I have a temper. I know I’m not the only momma that struggles with this (tell me I’m not the only one, please?). Honestly, this temper of mine might be the biggest surprise of motherhood for me. I never EVER thought I would get so crazy-angry that I would explode at a 3 year old’s little naughtiness. And it’s been something I’ve wanted to change about myself for awhile.

The first time I tried to change this loud weakness of mine was by setting a public goal on our family blog. I blogged that I would stop yelling at my oldest son by the time our second baby was due. Ha! Pregnancy hormones plus learning to cope with tantrums - it didn’t work. I got a big F next to my No More Yelling goal because there was no immediate accountability.

Next, I tried putting myself in timeout (you’ve all seen the IKEA commercial). I’m a big believer in Mommy Timeouts: it’s good to get away from the kids for moment and breathe. And it worked…for about two weeks, but I found myself doing it again. Getting frustrated at the end of the day and taking it out on my two tiny kids while we picked up the day’s disaster.

Then, I stopped trying. Okay, fine, this is me. I’m not strong in the patience department. I yell. That’s just fine. I can still be a good mom without changing this. I tried to just accept it, move on, and believe that my kids could handle it when mommy lost it.

But I couldn’t move on. Every time I raised my voice in anger the warmth in our home vanished. There’s a difference between “DON’T TOUCH THAT HOT STOVE!” or “DINNER’S READY!” and ranting on about broccoli loud enough for all the neighbors to hear. I wasn’t happy with myself. I wasn’t happy with the idea of my kids growing up in a home with a mom that yelled.

(Prepare for a little tangent.) I have a fantasy of my 75th birthday party: my kids will give toasts and say all sorts of fantastic, flattering, true things about my mothering (it’s a fantasy birthday party - they can’t say bad things); including, “I don’t really remember mom yelling at us kids. Sure, she got upset when we did something dumb, but she never yelled out of anger.”

One night, as I was thinking about this fantasy and how I was going to make it happen, I had a thought that I should reread The Tongue of Angels by Jeffery Holland.

“We must be so careful in speaking to a child. What we say or don’t say, how we say it and when is so very, very important in shaping a child’s view of himself or herself.”
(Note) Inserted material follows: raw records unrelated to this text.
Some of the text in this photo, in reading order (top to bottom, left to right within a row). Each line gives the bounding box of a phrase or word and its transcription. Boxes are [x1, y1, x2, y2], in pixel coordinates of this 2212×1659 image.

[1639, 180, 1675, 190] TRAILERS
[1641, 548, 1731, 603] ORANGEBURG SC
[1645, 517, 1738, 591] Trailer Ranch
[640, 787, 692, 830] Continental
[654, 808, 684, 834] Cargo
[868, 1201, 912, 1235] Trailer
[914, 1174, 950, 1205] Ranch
After reading this, it childishly and materialistically hit me: A chart! Made of scrapbook paper! With stickers (hole punched paper with tape, really) and Mod Podge! And a prize! An Anthropologie gift card! No. An H&M gift card! I can get way more H&M goodness with a gift card. And I get to go shopping by myself! A stroller free shopping trip! And maybe even a bakery stop on the way home. BINGO! DEAL! I’m in! Let the game begin! At that point I realized my RealAge is about six, and I was excited.

I told my husband about the idea and he was on board. He even helped me come up with the super accountable sticker system: a dollar toward the gift card for every day I don’t yell. If I have a freak-out moment, a dollar goes back to our savings account and a black sticker covers the colorful sticker (notice my four black stickers. oops). Bring it on!
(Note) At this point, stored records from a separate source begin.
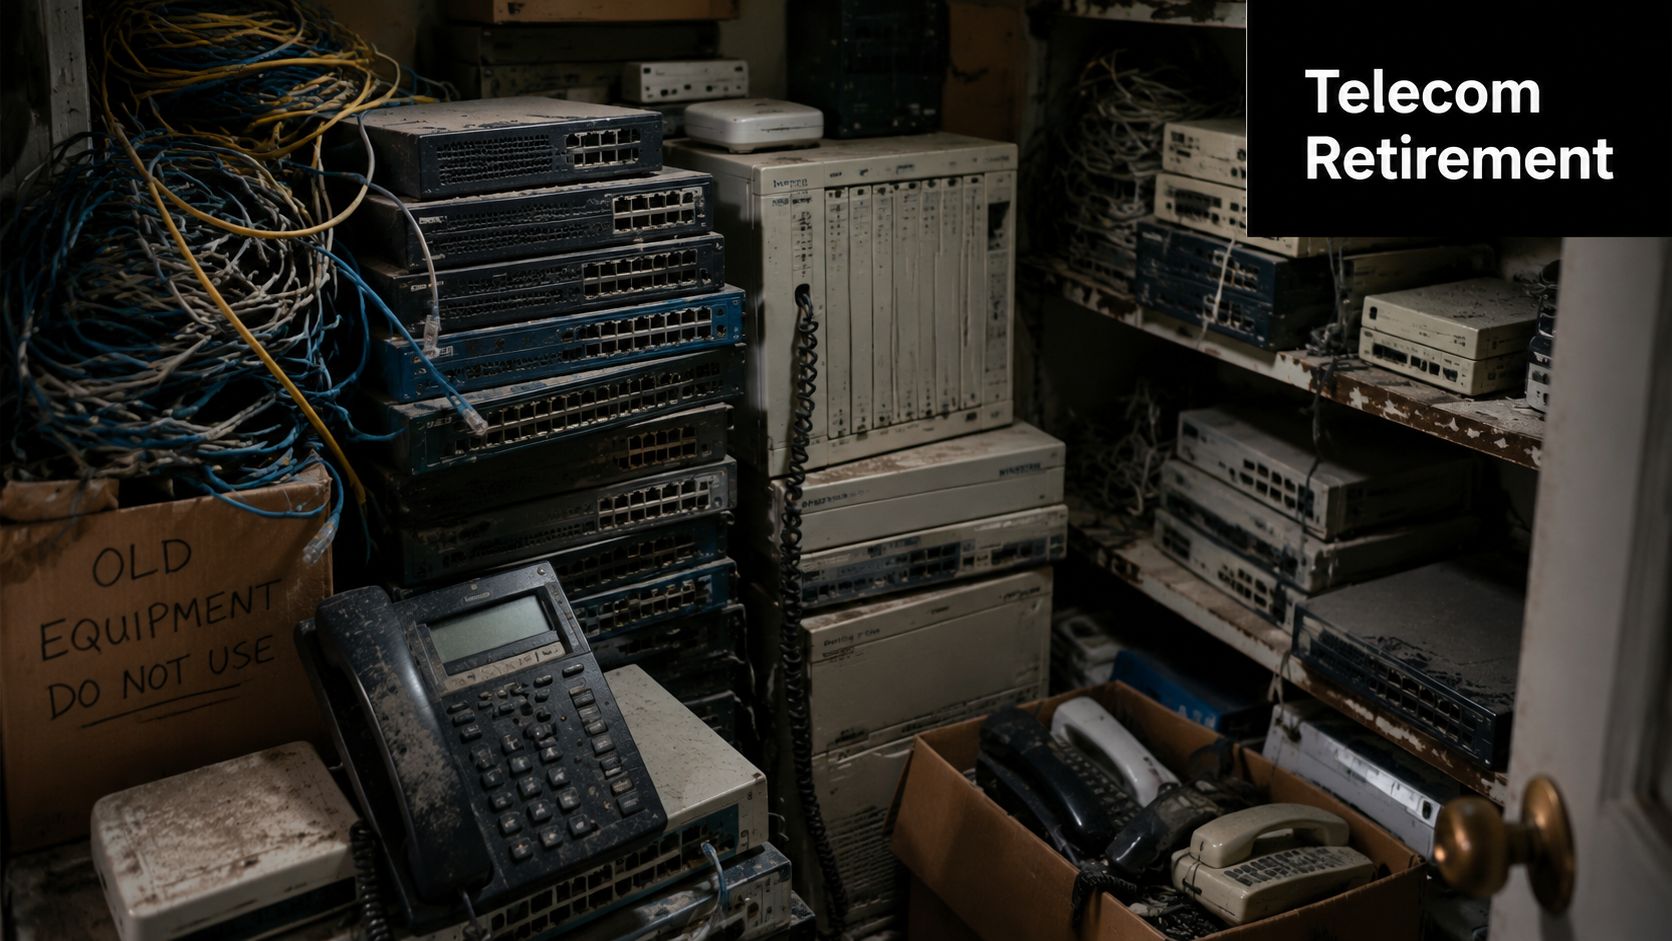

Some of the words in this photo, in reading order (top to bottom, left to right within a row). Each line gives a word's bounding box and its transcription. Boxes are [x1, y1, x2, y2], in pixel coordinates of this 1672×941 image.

[91, 538, 192, 588] OLD
[39, 577, 283, 662] EQUIPMENT
[47, 679, 101, 721] DO
[122, 653, 191, 700] NOT
[208, 634, 275, 676] USE
I’m not going to lie, it’s been a lot harder than I thought it would be. There are moments I really feel like steam is going to come spewing out of my ears, but I think I really don’t want a black sticker today, and that’s what keeps me in the game (sadly, it’s not I really don’t want to put down my child for something stupid, but we do what we can, right? Baby steps). It's also been a lot of fun too! I do a goofy dance as I put another little dot of good mothering on my chart - it's a good feeling.

Today I’ve got $41 towards something Swedish and my kids have a much happier, more in-control mommy. I’m hoping that once my chart is full I will be able to keep it going, that I will have a habit to breathe and regain control instead of yell. A real change. And I think it might also help to remember that I told all you Bloom readers that I was going to stop yelling at my kids. NO MORE YELLING, MOMMY!
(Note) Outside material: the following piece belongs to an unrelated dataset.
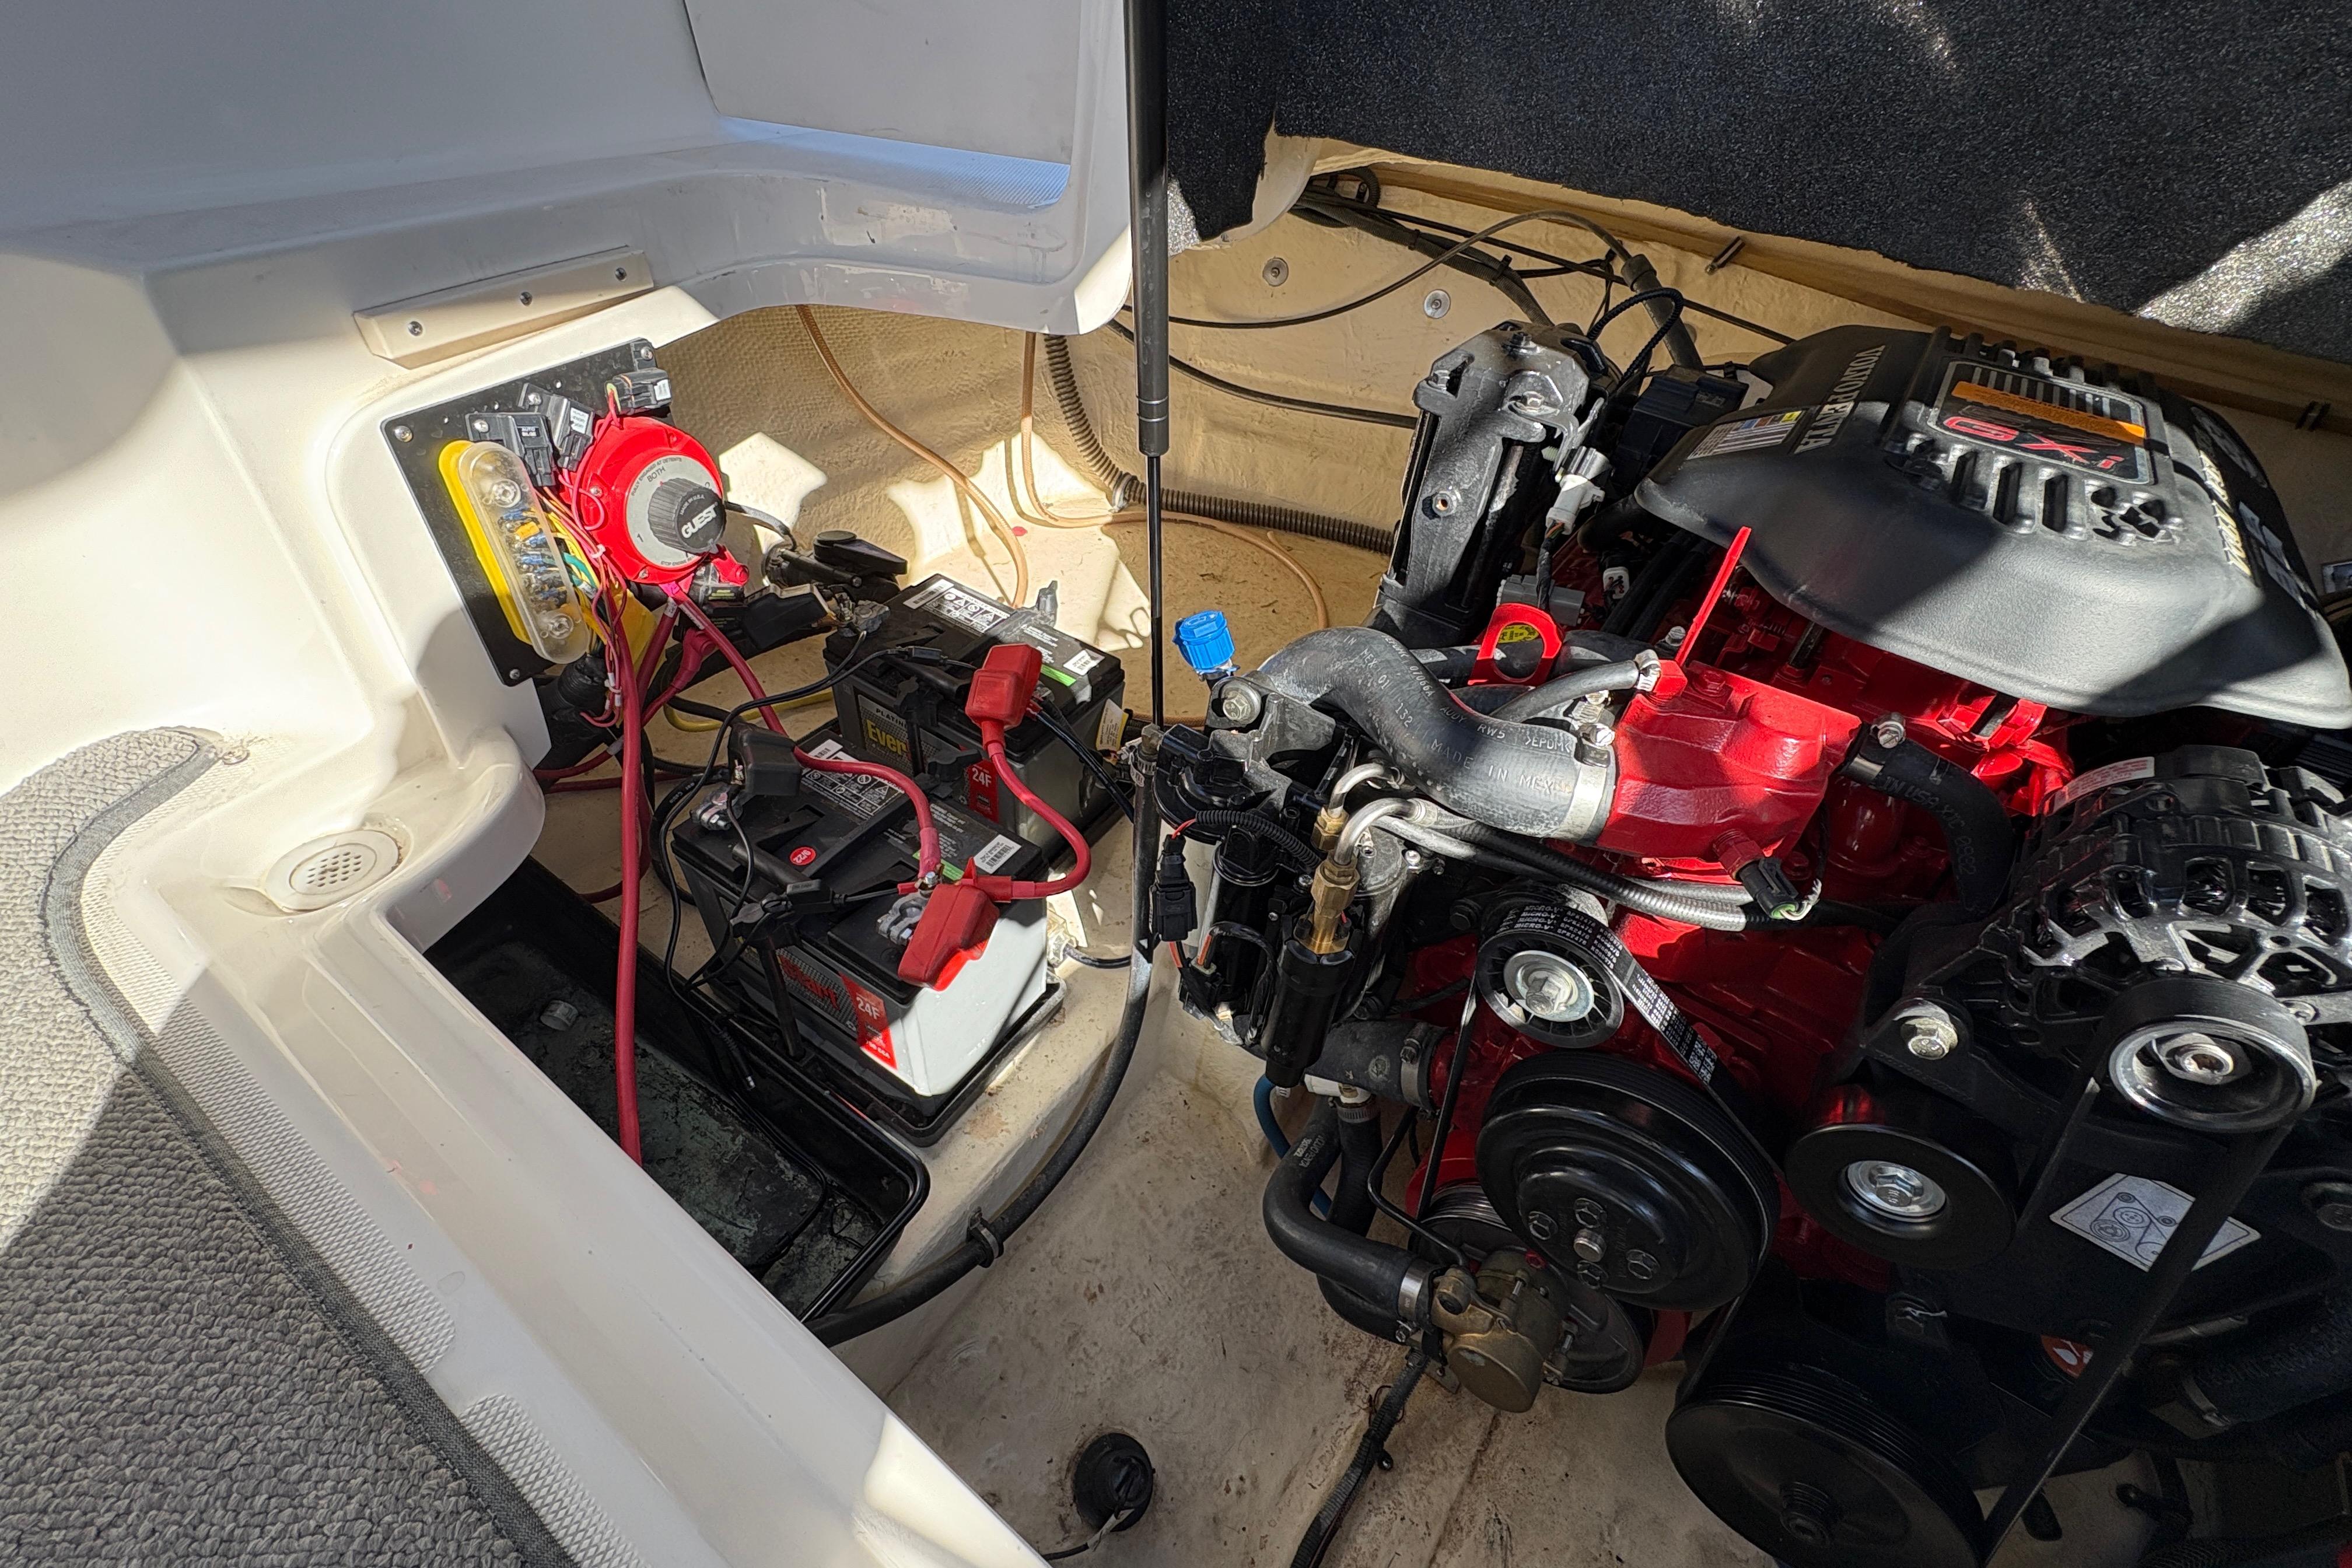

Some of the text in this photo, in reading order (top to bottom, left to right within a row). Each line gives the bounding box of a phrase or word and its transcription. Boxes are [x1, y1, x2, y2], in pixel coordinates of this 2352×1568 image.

The new year makes us want to change; and I know we/I usually focus on starting behaviors (I really need start working out daily), but sometimes there are things we need to stop.

So, what do you want to STOP doing this year?

40 comments:

Trisha said...

What a brave thing for you to share. I too am a yelling Mommy. It is also something I have been trying to change. I agree with you that my three year olds naughties can bring out my anger pretty quick, I never thought that would happen. I like your idea of a chart of me as we have used charts for her. I think I will try it and see how it goes. Thanks for sharing!

Welcome said...

Thank you sooo much for sharing! You are an answer to many many many late night prayers. It sounded like I was writing it. I am going to try your idea with the chart and a fantastic reward! Plus I will read your article by Elder Holland. I do wish there were little support groups for mommys to keep up going with encouragement. I think alot of mommy stuggle with yelling, but just don't admit it. Thank you again!

vanessa said...

Ok who wants to make this chart for me and mail it? I go for so long being good and then do bad for a few days then go back to being good. It is a bad cycle!!

Lesley said...

What a gorgeous chart to mark such great improvements! I can really relate to the rewards system. It being a worthy goal is never quite enough for me -- there has to be a carrot that I really really like. We are human. :)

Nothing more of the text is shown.